PA 181 begins at an intersection with US 30 in Manchester Township, heading north concurrent with I-83 Bus. on North George Street, a four-lane divided highway. South of US 30, I-83 Bus. continues south toward the borough of North York. The road passes businesses before heading into residential areas. The highway runs past more commercial establishments as it comes to an interchange with I-83. At this point, I-83 Bus. ends and PA 181 continues north, narrowing into a two-lane undivided road as it passes a mix of residences and businesses.

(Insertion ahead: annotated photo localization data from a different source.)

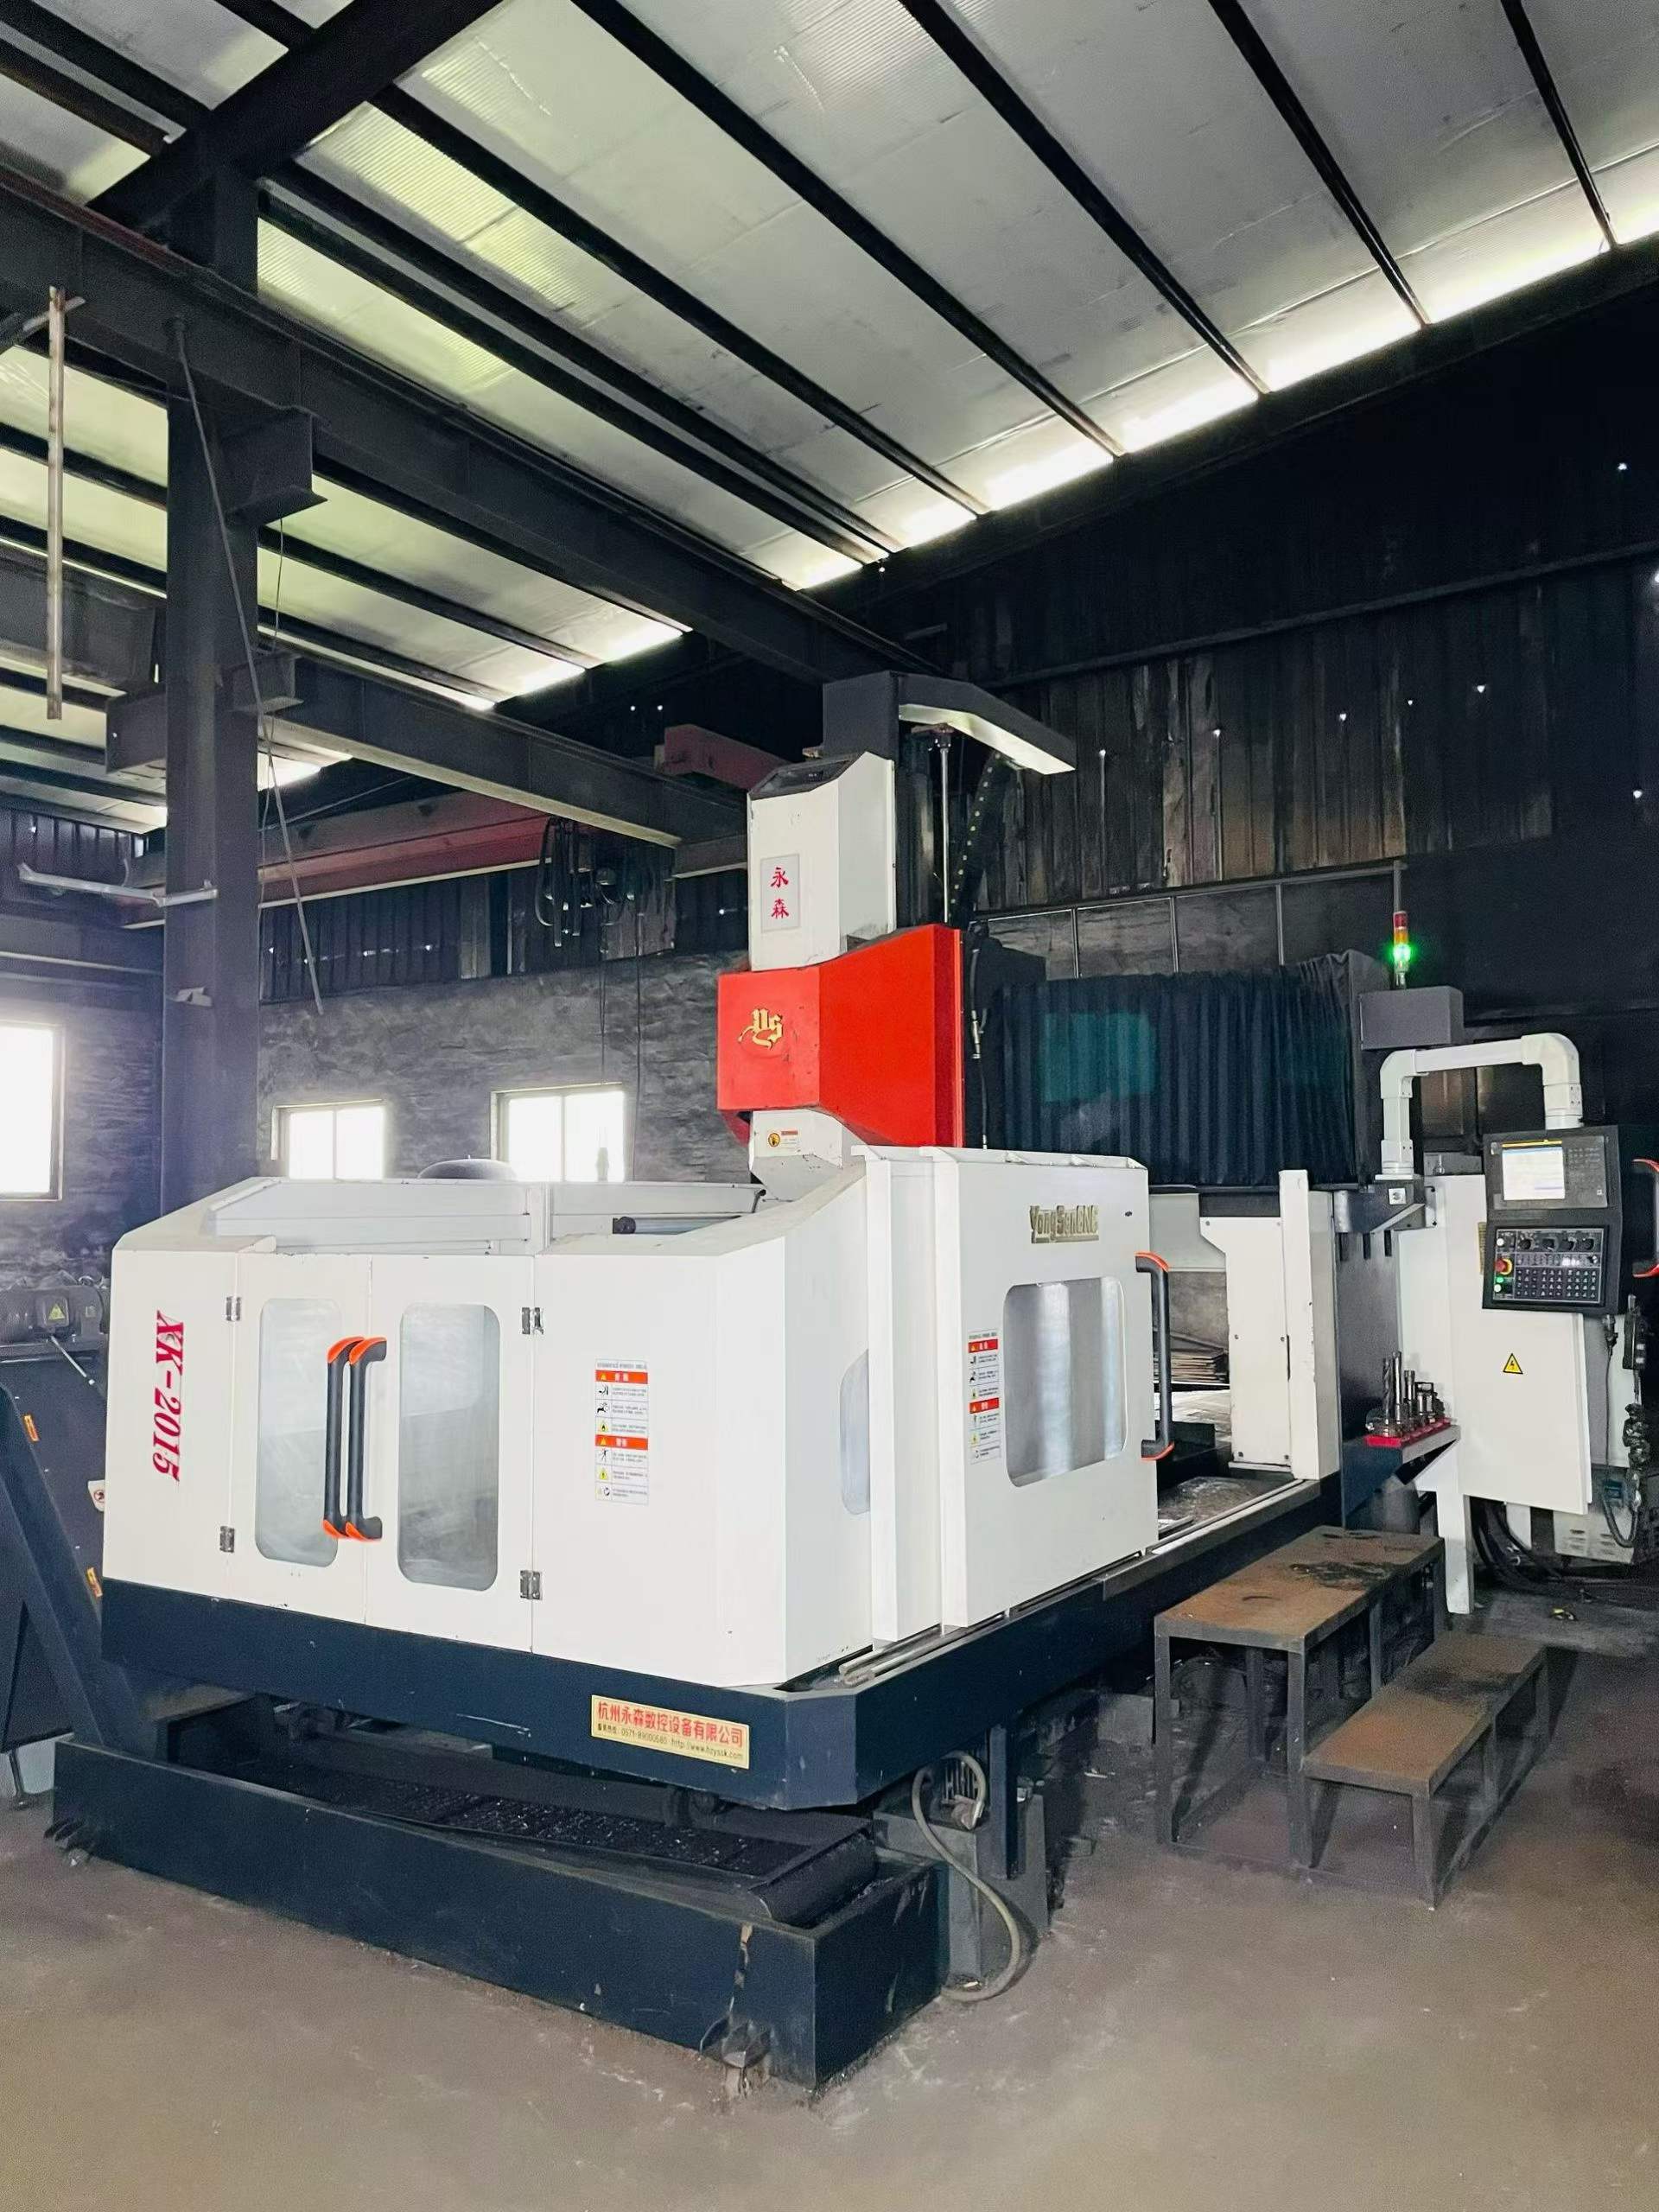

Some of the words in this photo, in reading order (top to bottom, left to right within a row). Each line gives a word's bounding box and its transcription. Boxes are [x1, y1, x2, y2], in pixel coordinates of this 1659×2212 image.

[771, 867, 789, 918] 永森
[153, 1310, 184, 1482] XK-2015
[598, 1700, 743, 1747] 杭州永森数控设备有限公司
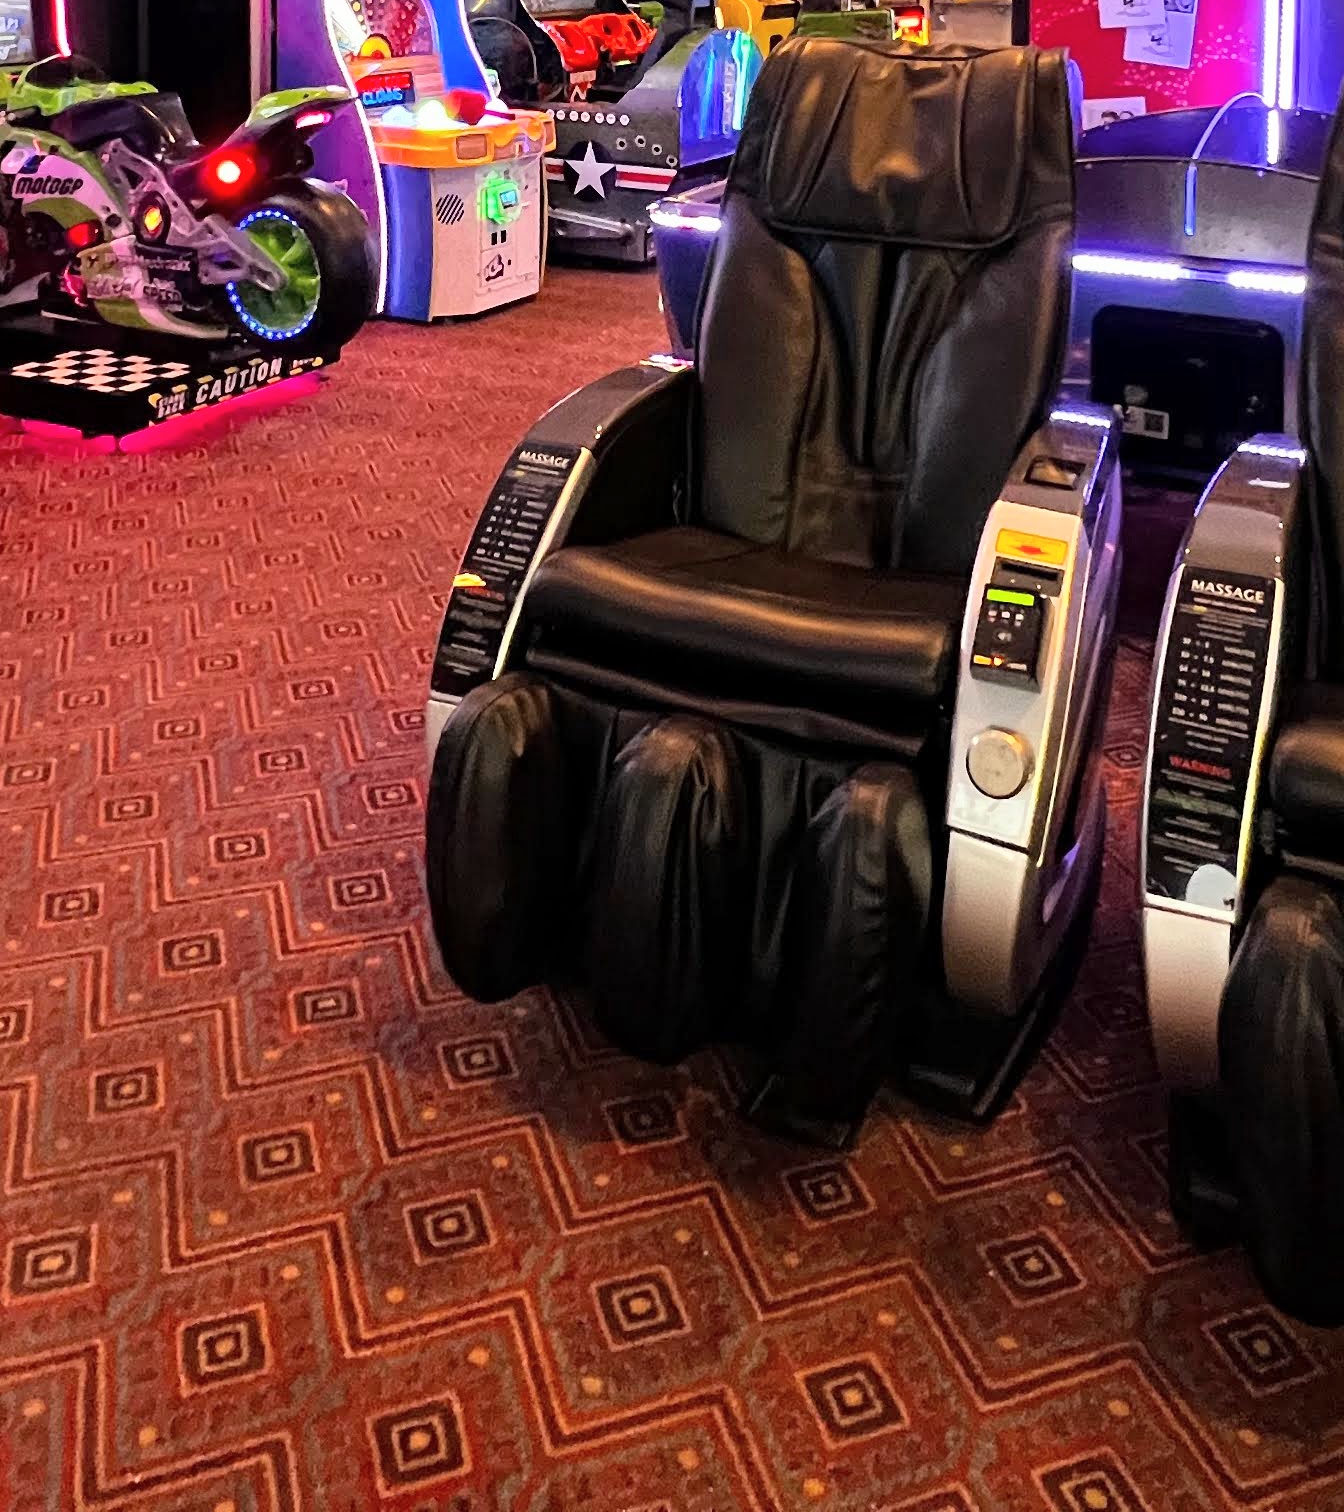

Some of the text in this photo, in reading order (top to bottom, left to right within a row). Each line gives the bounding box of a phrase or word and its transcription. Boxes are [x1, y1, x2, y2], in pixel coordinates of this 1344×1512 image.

[196, 358, 282, 404] CAUTION
[518, 450, 571, 469] MASSAGE
[1190, 579, 1265, 604] MASSAGE
[1169, 755, 1232, 780] WARNING
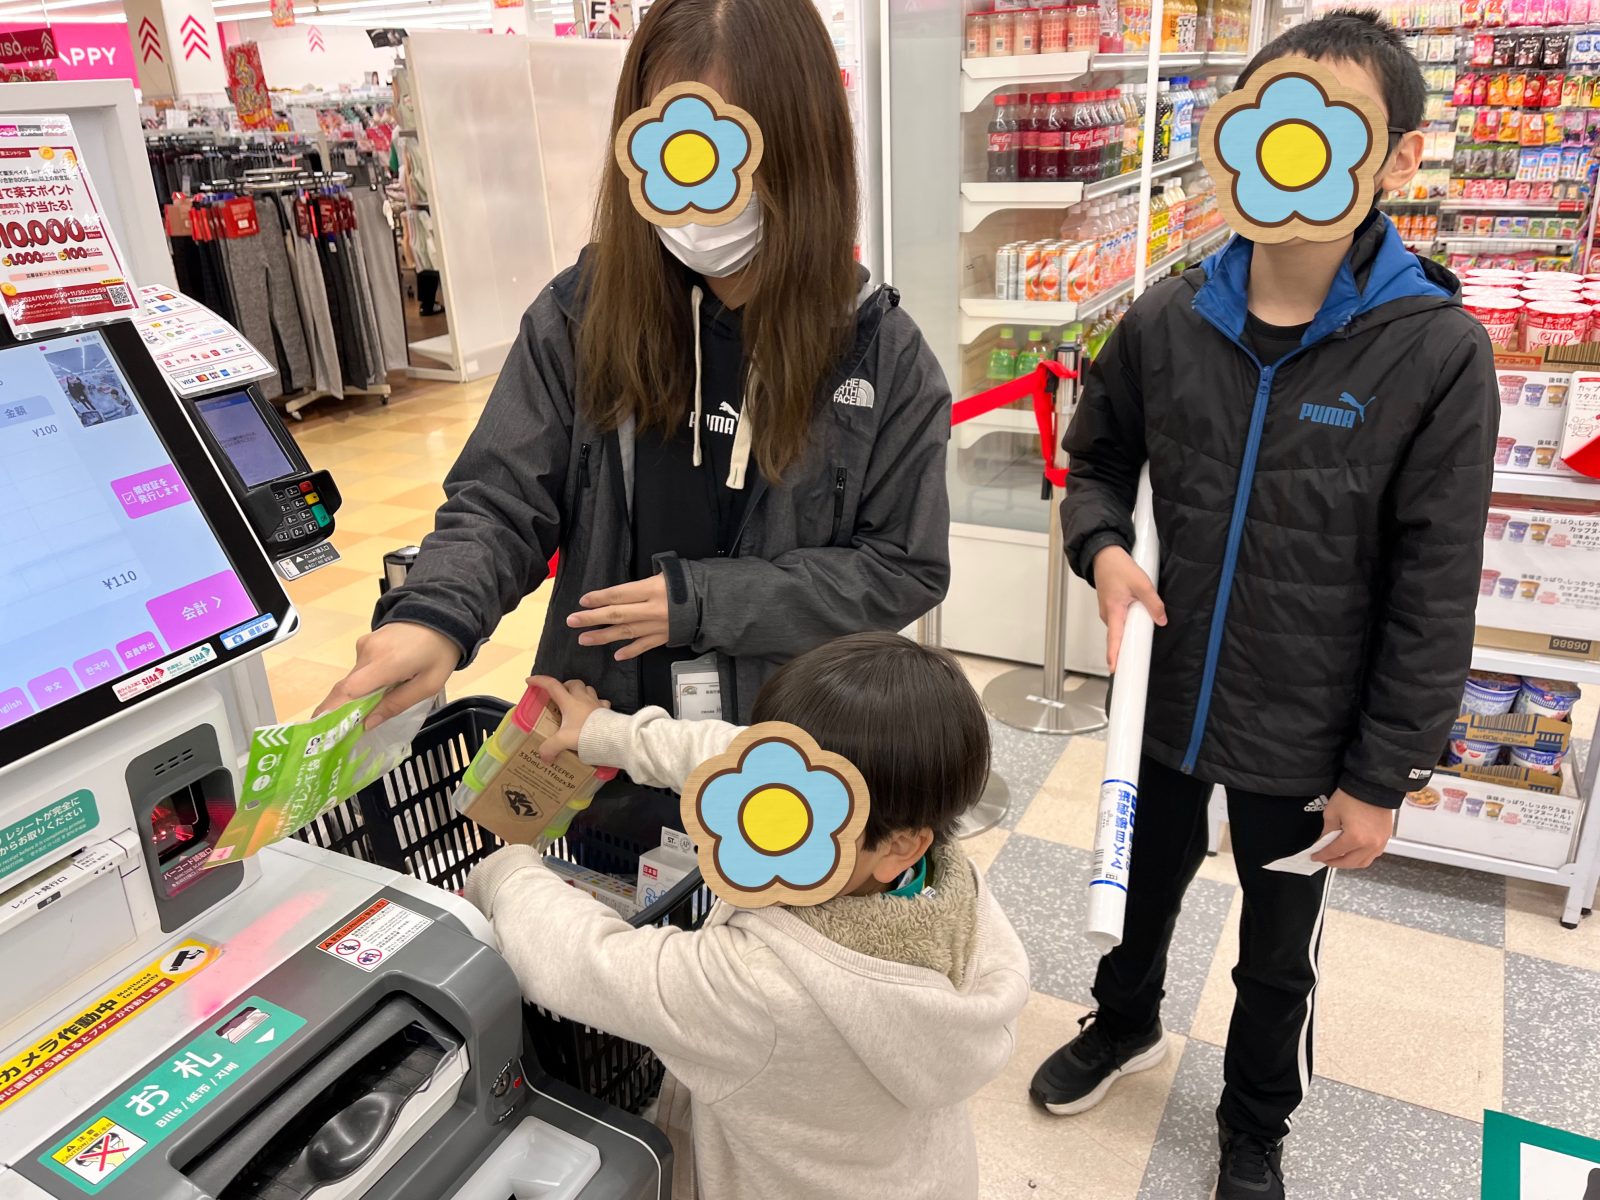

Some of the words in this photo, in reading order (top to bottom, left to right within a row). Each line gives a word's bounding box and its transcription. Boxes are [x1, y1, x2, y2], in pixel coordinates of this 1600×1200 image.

[0, 41, 21, 57] ISO
[845, 378, 860, 388] HE
[833, 395, 857, 405] FACE
[4, 405, 27, 420] 金額
[689, 411, 735, 435] PMA
[1299, 402, 1356, 428] PUMA
[137, 484, 181, 505] 発行します
[102, 570, 138, 591] ¥110
[181, 600, 209, 621] 会計
[188, 651, 205, 665] SIAA
[142, 672, 160, 687] SIAA
[551, 763, 576, 781] KEEPER
[11, 876, 68, 909] レシート発行口
[117, 973, 152, 998] Monitored
[0, 998, 118, 1082] カメラ作動中
[155, 1107, 183, 1128] Bills

The route heads through the community of Emigsville and comes to an intersection with PA 238, at which point the route runs a short distance to the west of Norfolk Southern's York Secondary railroad line. Past this junction, the road enters more wooded surroundings and continues into East Manchester Township, where it becomes North George Street Extended. Here, PA 181 runs farther to the west of the railroad tracks and passes industrial and commercial establishments. The route enters the borough of Manchester and becomes Main Street as it is lined with homes.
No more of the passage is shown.